Epidermal growth factor receptor (EGFR) gene mutation testing is essential for choosing appropriate treatment options in patients with advanced non-small cell lung cancer (NSCLC). However, a time delay occurs between histological diagnosis and molecular diagnosis in clinical situations. To minimize this delay, we developed a novel point-of-care test for EGFR mutations, based on a high-speed real-time polymerase chain reaction (PCR) system designated here as ultrarapid PCR combined with highly accurate bronchoscopic sampling. We investigated whether our system for detecting EGFR muta- tions was valid by comparing test results with those obtained using a commercialized EGFR mutation test.
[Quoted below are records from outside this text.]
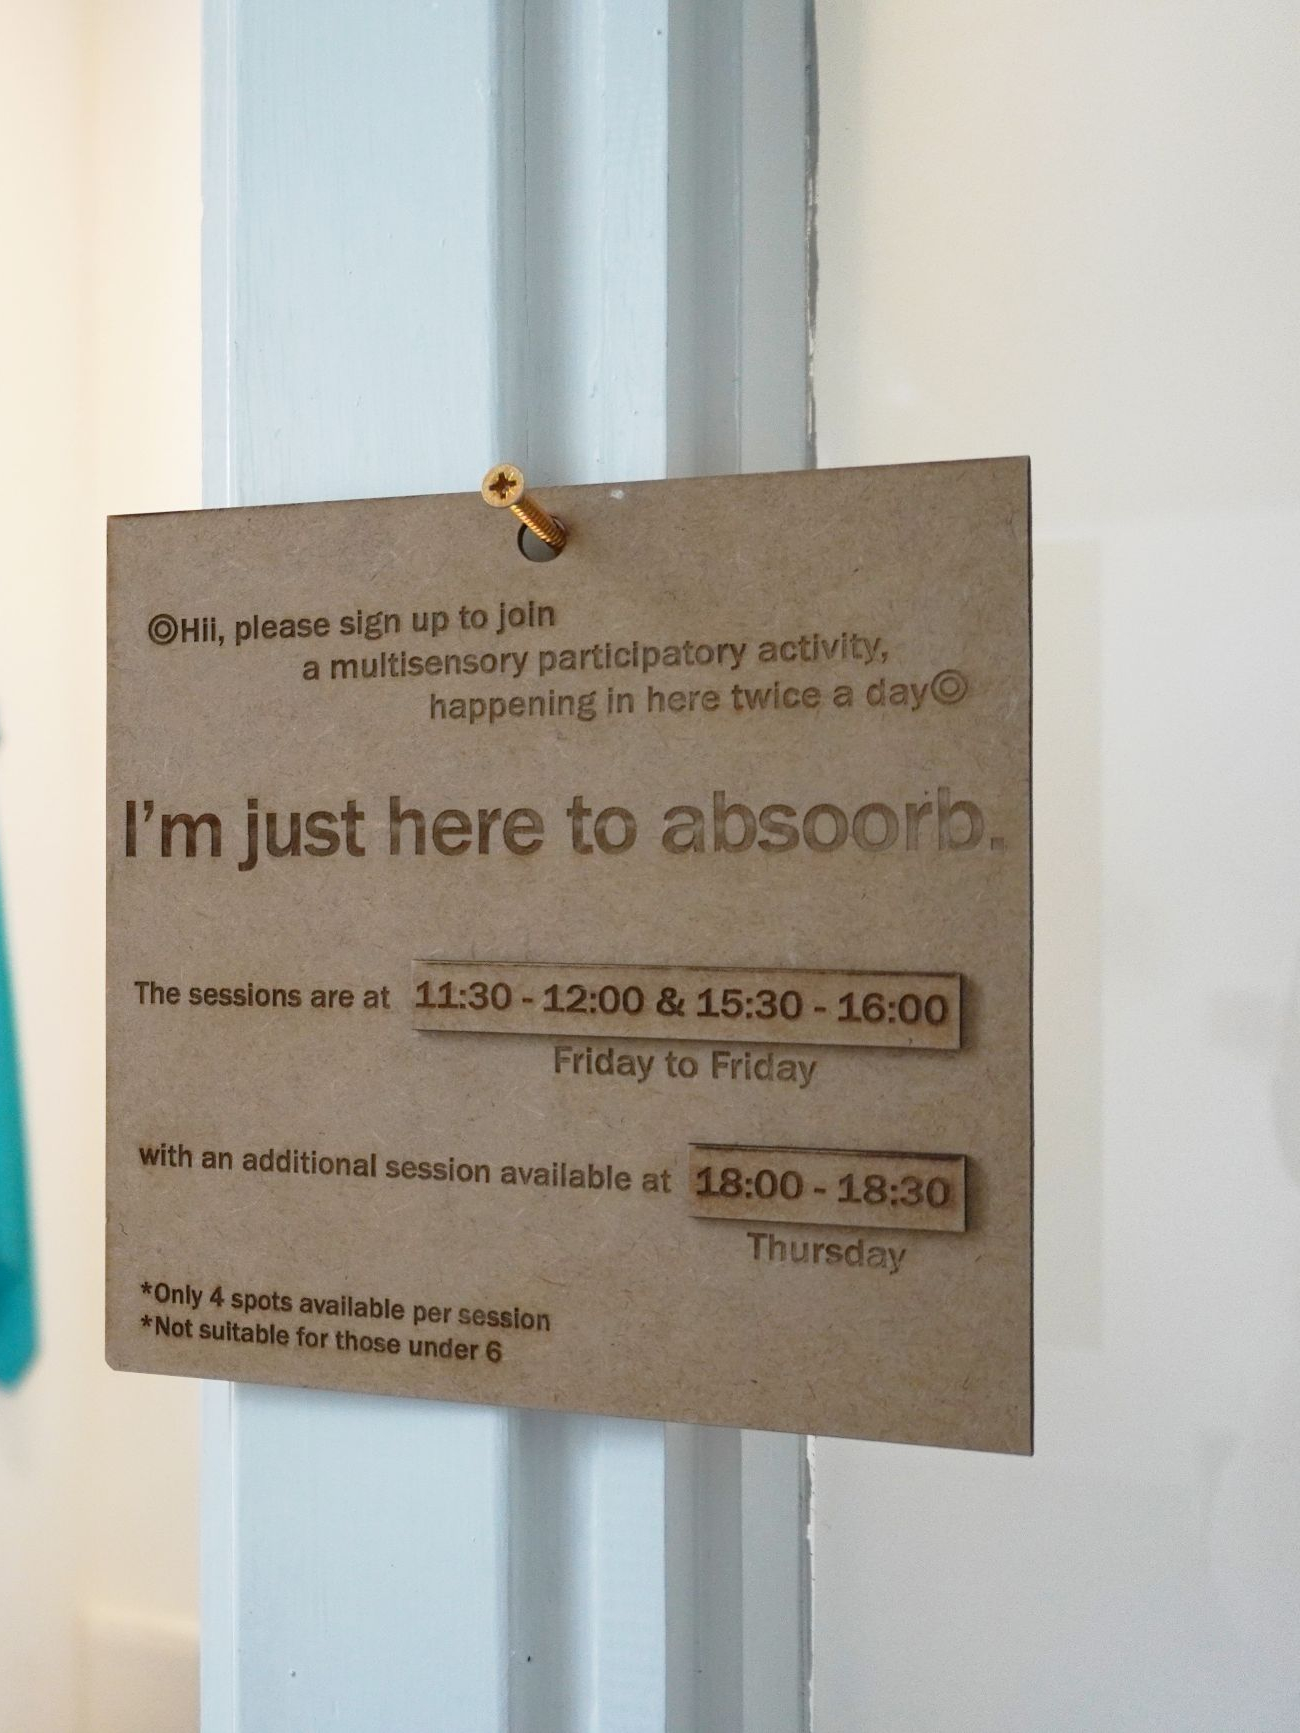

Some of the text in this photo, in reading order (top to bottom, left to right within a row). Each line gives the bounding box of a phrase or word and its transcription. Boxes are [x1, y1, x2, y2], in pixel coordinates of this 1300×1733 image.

[235, 616, 330, 645] please
[340, 610, 400, 641] sign
[412, 607, 450, 636] up
[459, 605, 488, 629] to
[497, 602, 555, 635] join
[302, 633, 888, 680] a multisensory participatory activity,
[430, 687, 596, 724] happening
[608, 687, 634, 714] in
[647, 686, 720, 712] here
[732, 682, 821, 711] twice
[833, 686, 853, 707] a
[126, 786, 1007, 871] I’m just here to absoorb.
[134, 981, 181, 1005] The
[189, 983, 301, 1007] sessions
[310, 990, 355, 1008] are
[363, 985, 390, 1009] at
[415, 981, 512, 1010] 11:30
[543, 984, 644, 1015] 12:00
[656, 987, 685, 1017] &
[697, 988, 803, 1020] 15:30
[837, 992, 949, 1026] 16:00
[553, 1046, 817, 1088] Friday to Friday
[139, 1144, 192, 1168] with
[201, 1151, 233, 1169] an
[242, 1149, 377, 1177] additional
[385, 1157, 490, 1183] session
[500, 1162, 631, 1191] available
[642, 1167, 671, 1193] at
[695, 1166, 802, 1200] 18:00
[837, 1174, 950, 1208] 18:30
[747, 1232, 905, 1274] Thursday
[210, 1287, 224, 1307] 4
[231, 1288, 293, 1312] spots
[300, 1295, 404, 1319] available
[414, 1307, 451, 1325] per
[458, 1306, 551, 1331] session
[199, 1319, 289, 1345] suitable
[296, 1327, 327, 1349] for
[336, 1331, 400, 1354] those
[409, 1336, 478, 1361] under
[486, 1341, 502, 1362] 6
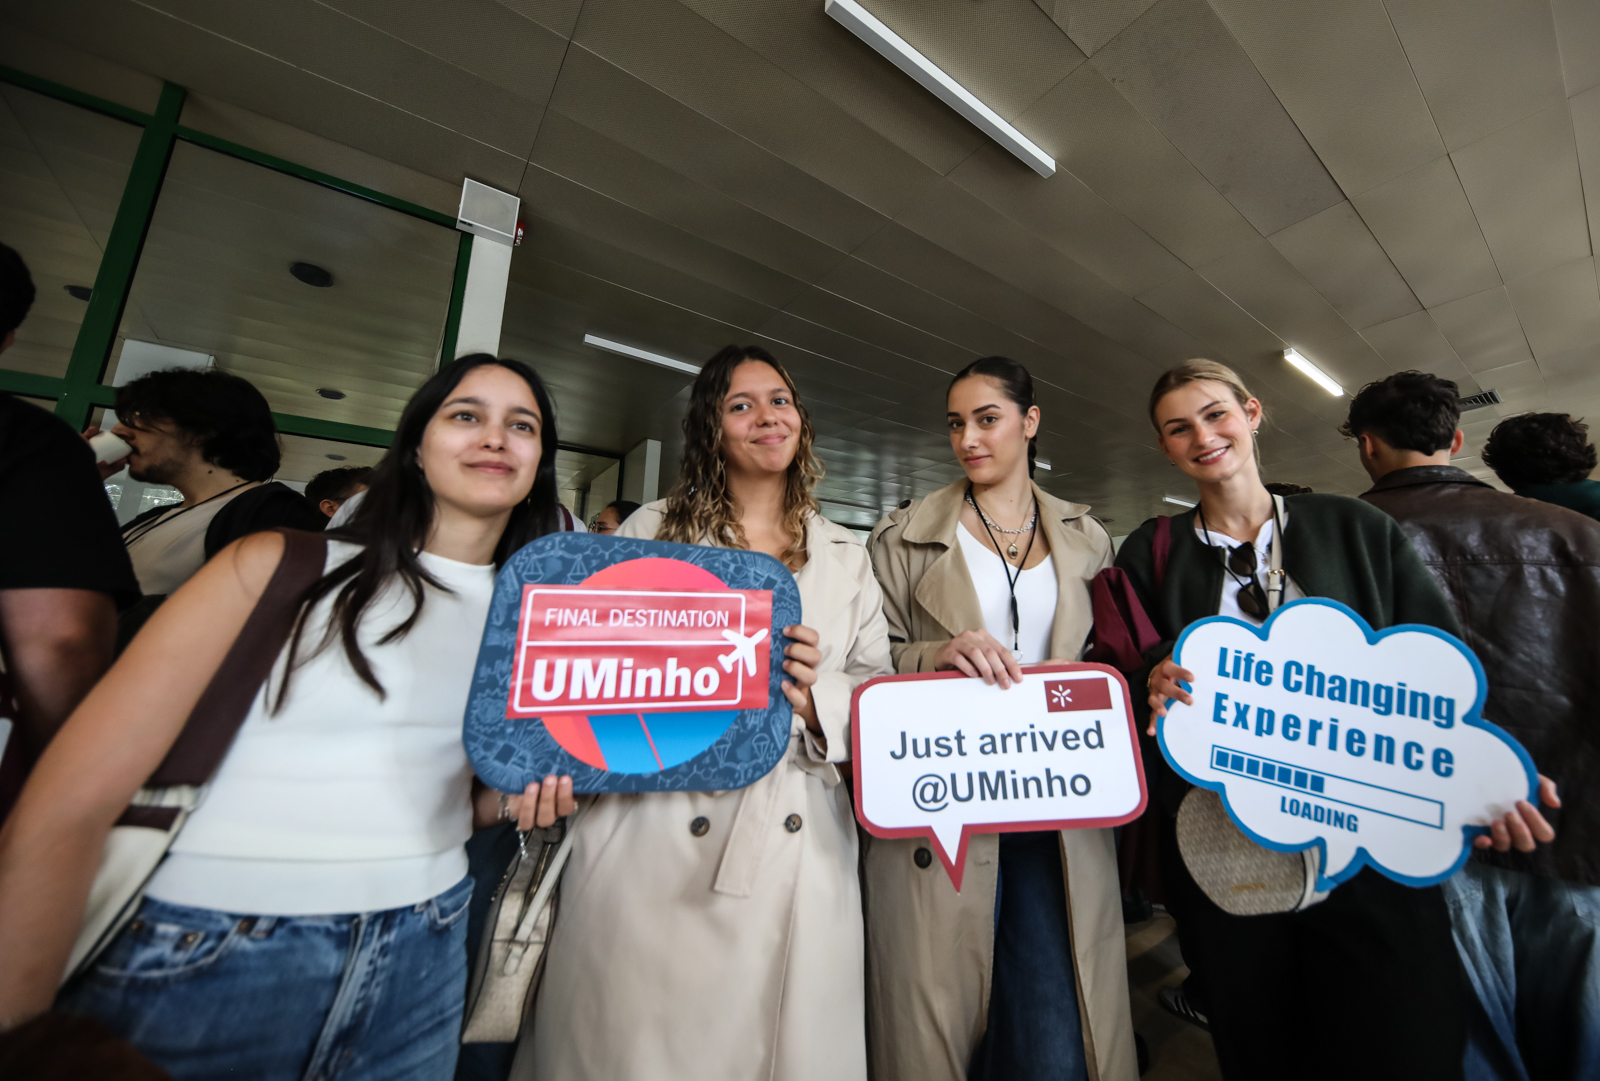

We obtained small amounts of bronchial lavage fluids after transbronchial biopsies (TBBs) were performed on enrolled patients (n=168) who underwent endobronchial ultrasonography using a guide sheath (EBUS-GS). EGFR mutation analysis was performed by ultrarapid PCR immediately after EBUS-GS-TBBs were obtained (on the same day). After pathological diagnoses of NSCLC, EGFR mutation status in formalin-fixed, paraffin- embedded samples was confirmed by the PCR-invader method, and the concordance rates between the PCR methods were compared. The total diagnostic yield of EBUS-GS-TBB was 91.0%. The positive concordance rates for detecting 19del and L858R with the ultrarapid PCR and PCR-invader methods were both 100%. Negative concordance rates were 97.2 and 98.1%, respectively. We also demonstrated a dramatic effect of early erlotinib administration, based on ultrarapid PCR results, for a 52-year-old woman suffering from respiratory failure due to severe intrapulmonary metastases with poor performance status. In conclusion, ultrarapid PCR combined with EBUS-GS-TBB enabled rapid and reliable point-of-care testing for EGFR mutations.